[Collected data]
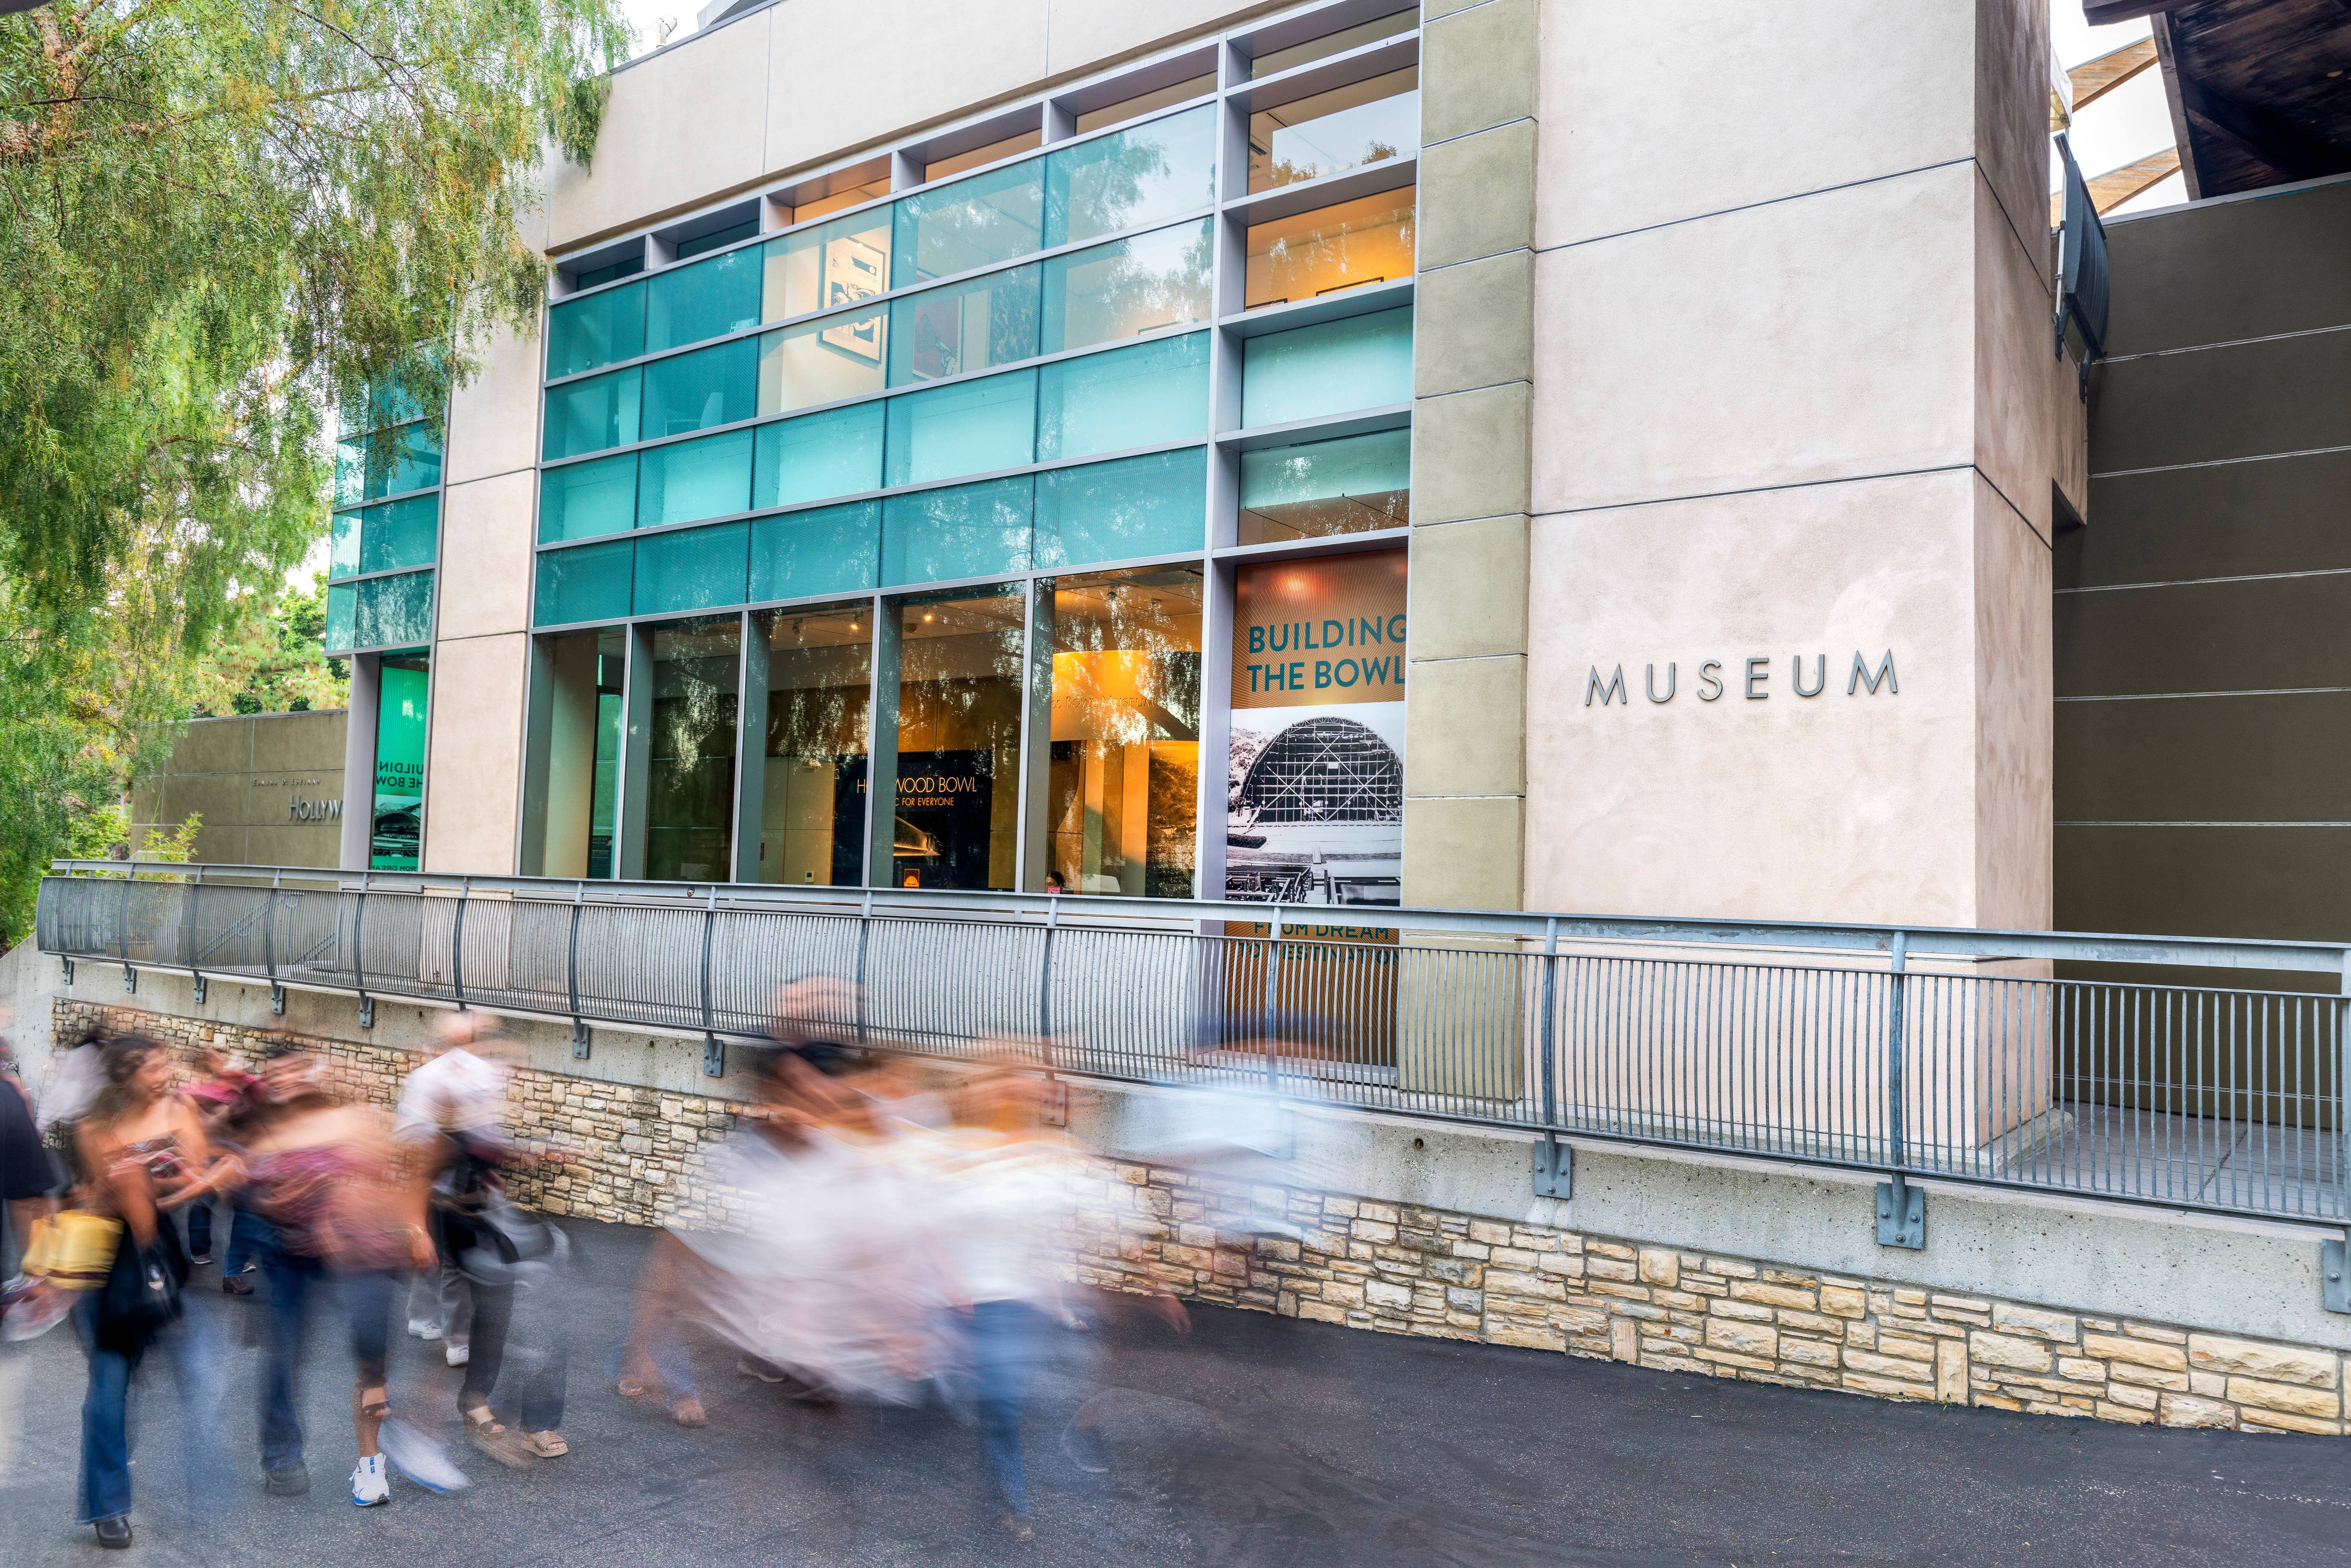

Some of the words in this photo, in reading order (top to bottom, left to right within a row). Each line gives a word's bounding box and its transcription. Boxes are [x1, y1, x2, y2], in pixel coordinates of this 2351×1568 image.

[1249, 614, 1407, 653] BUILDING
[1247, 662, 1305, 692] THE
[1315, 656, 1405, 688] BOWL
[1585, 648, 1898, 706] MUSEUM
[939, 777, 977, 792] BOWL
[289, 795, 343, 819] HOLLYW
[902, 798, 915, 806] FOR
[918, 797, 955, 806] EVERYONE
[1255, 922, 1308, 936] FOM
[1316, 925, 1388, 939] DREAM
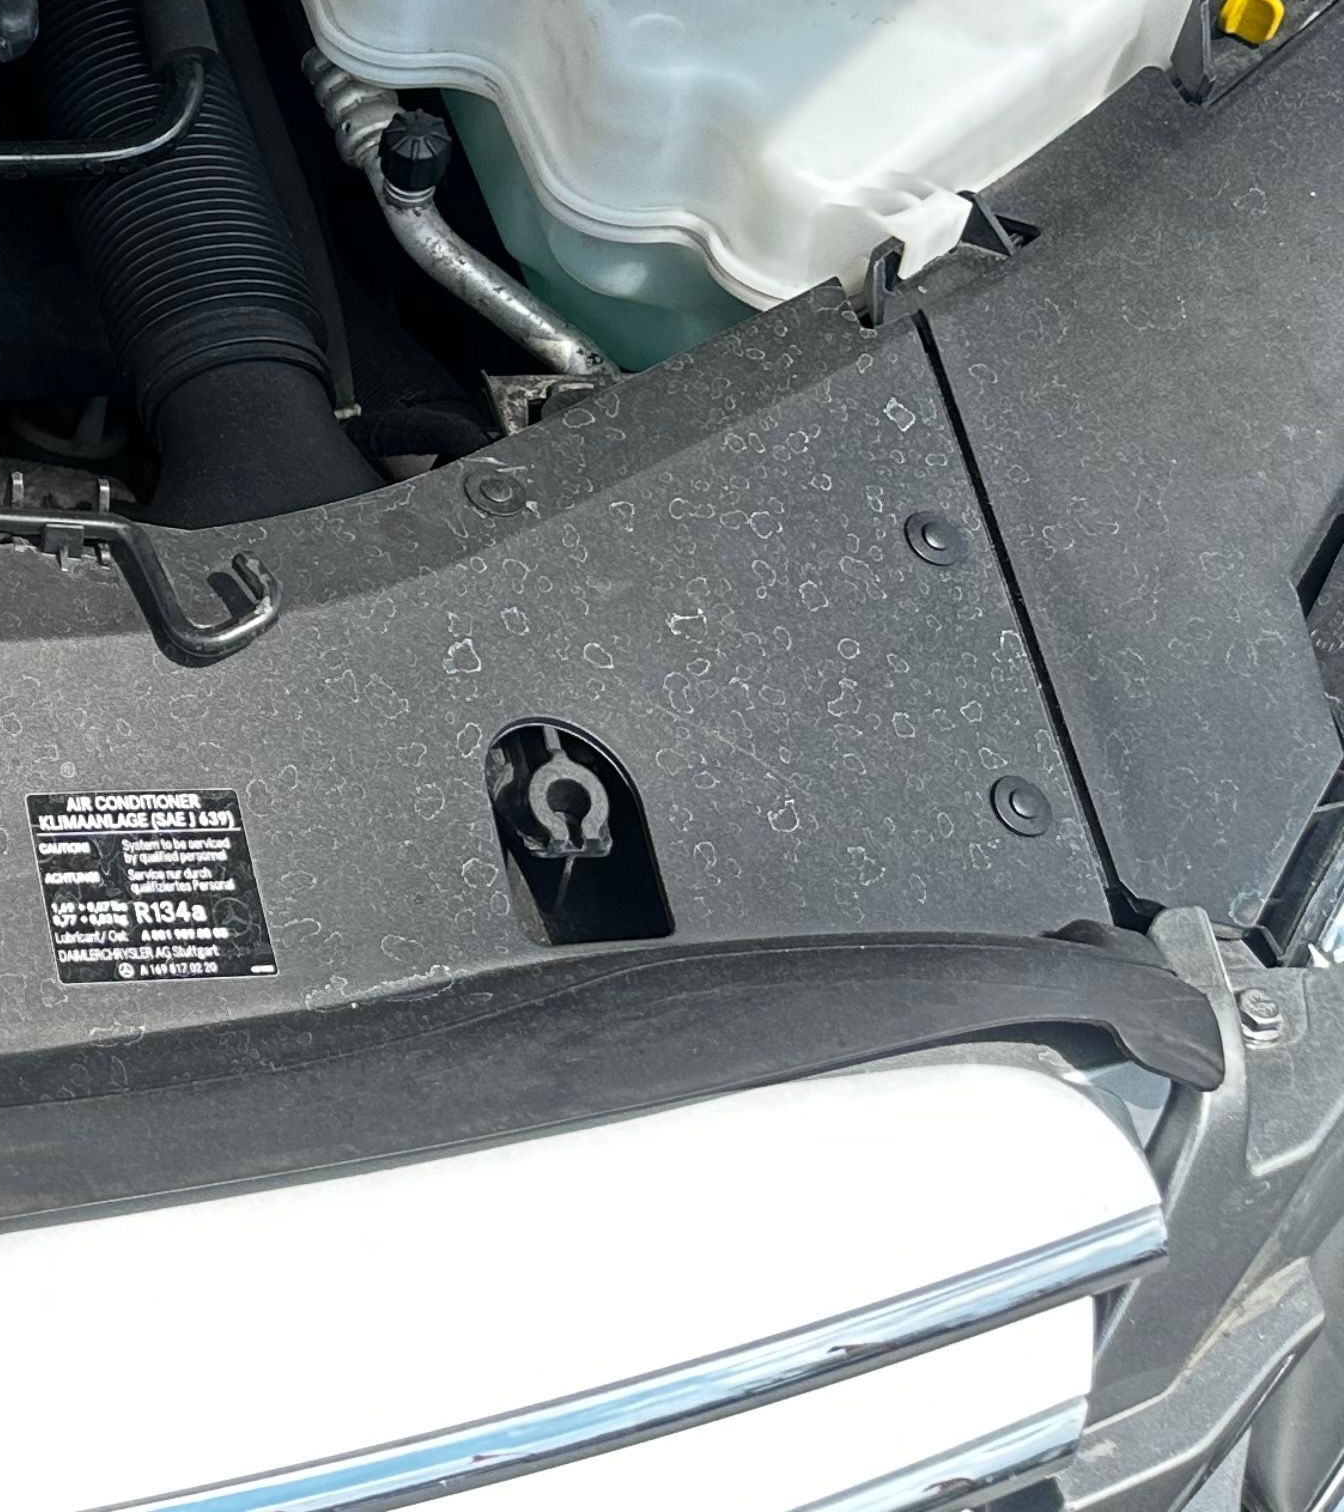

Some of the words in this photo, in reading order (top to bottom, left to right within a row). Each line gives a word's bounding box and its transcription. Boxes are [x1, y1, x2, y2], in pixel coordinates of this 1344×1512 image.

[65, 796, 94, 811] AIR
[94, 793, 201, 810] CONDITIONER
[38, 812, 148, 830] KLIMAANLAGE
[150, 811, 187, 830] (SAE
[187, 811, 196, 826] J
[197, 810, 235, 828] 639)
[121, 838, 160, 852] System
[161, 838, 172, 850] to
[173, 838, 186, 849] be
[187, 835, 231, 849] serviced
[123, 852, 138, 864] by
[127, 868, 165, 881] Service
[166, 868, 183, 879] nur
[183, 866, 212, 879] durch
[192, 877, 236, 891] Personal
[133, 899, 208, 924] R134a
[141, 930, 150, 941] A
[58, 946, 153, 962] DAIMLERCHRYSLER
[172, 943, 220, 960] Stuttgart
[140, 964, 148, 975] A
[150, 963, 167, 975] 169
[189, 961, 203, 972] 02
[204, 960, 218, 971] 20
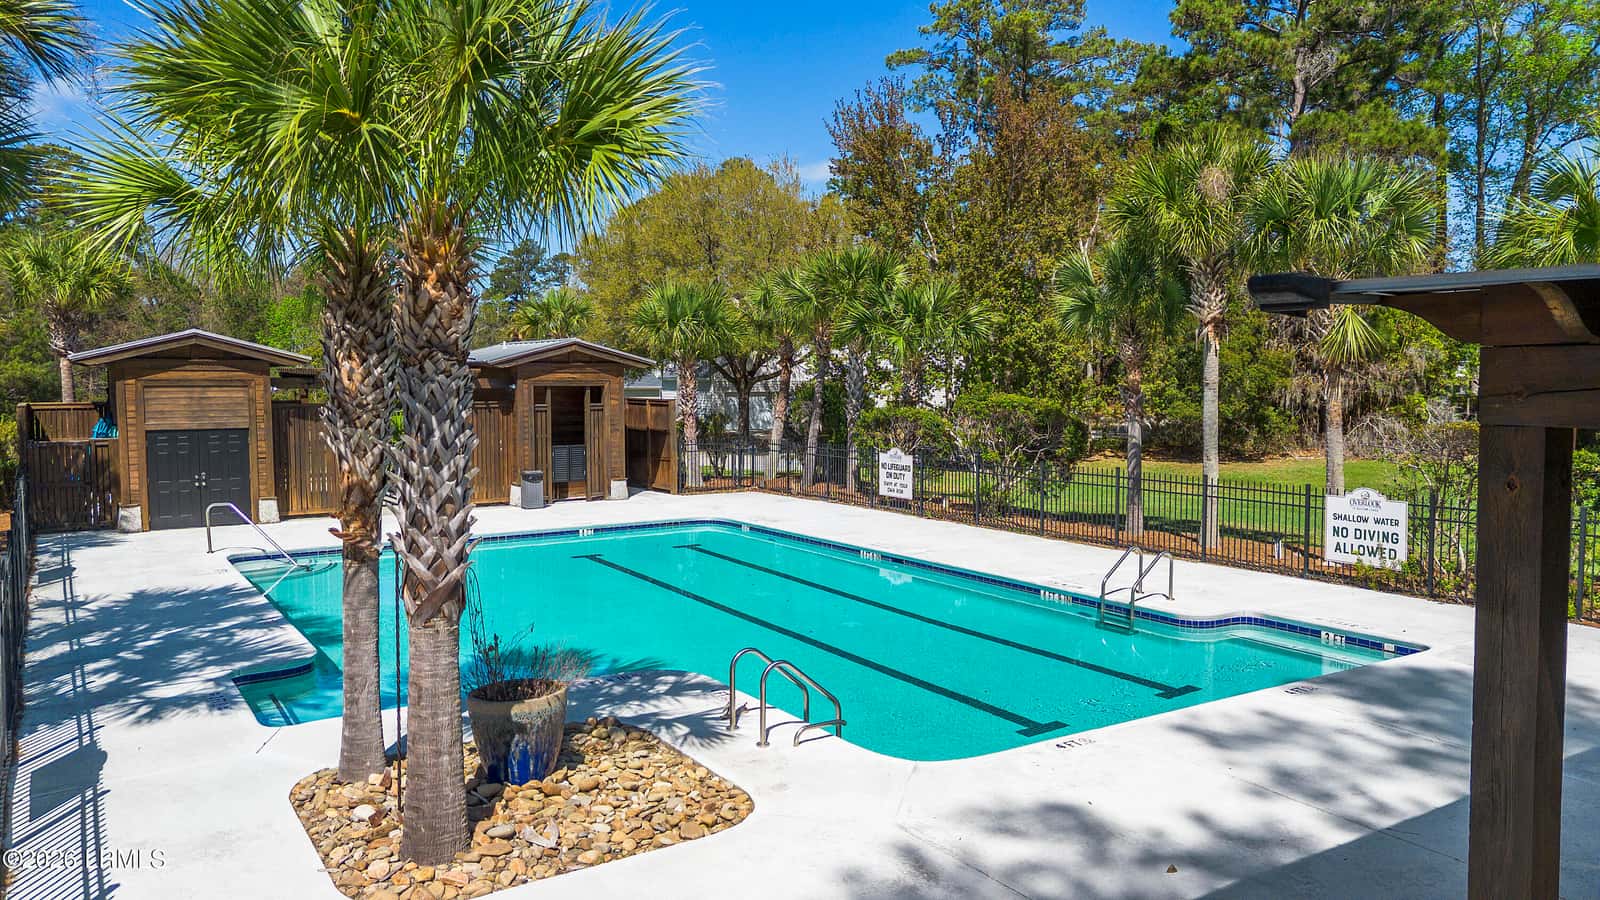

Exercise requirements
Leave the pictures out, and transcribe each of the records exactly.

Task result
Some of the words in this photo, in reading order (top to bottom, left to right within a row). Each line gives a word's bounding box and its transcription. Boxes are [x1, y1, x2, y2], in pixel coordinates of this 2351×1568 image.

[1249, 614, 1407, 653] BUILDING
[1247, 662, 1305, 692] THE
[1315, 656, 1405, 688] BOWL
[1585, 648, 1898, 706] MUSEUM
[939, 777, 977, 792] BOWL
[289, 795, 343, 819] HOLLYW
[902, 798, 915, 806] FOR
[918, 797, 955, 806] EVERYONE
[1255, 922, 1308, 936] FOM
[1316, 925, 1388, 939] DREAM

Some of the words in this photo, in reading order (top to bottom, left to right within a row). Each line gives a word's bounding box and its transcription. Boxes are [x1, y1, x2, y2], in pixel coordinates of this 1344×1512 image.

[65, 796, 94, 811] AIR
[94, 793, 201, 810] CONDITIONER
[38, 812, 148, 830] KLIMAANLAGE
[150, 811, 187, 830] (SAE
[187, 811, 196, 826] J
[197, 810, 235, 828] 639)
[121, 838, 160, 852] System
[161, 838, 172, 850] to
[173, 838, 186, 849] be
[187, 835, 231, 849] serviced
[123, 852, 138, 864] by
[127, 868, 165, 881] Service
[166, 868, 183, 879] nur
[183, 866, 212, 879] durch
[192, 877, 236, 891] Personal
[133, 899, 208, 924] R134a
[141, 930, 150, 941] A
[58, 946, 153, 962] DAIMLERCHRYSLER
[172, 943, 220, 960] Stuttgart
[140, 964, 148, 975] A
[150, 963, 167, 975] 169
[189, 961, 203, 972] 02
[204, 960, 218, 971] 20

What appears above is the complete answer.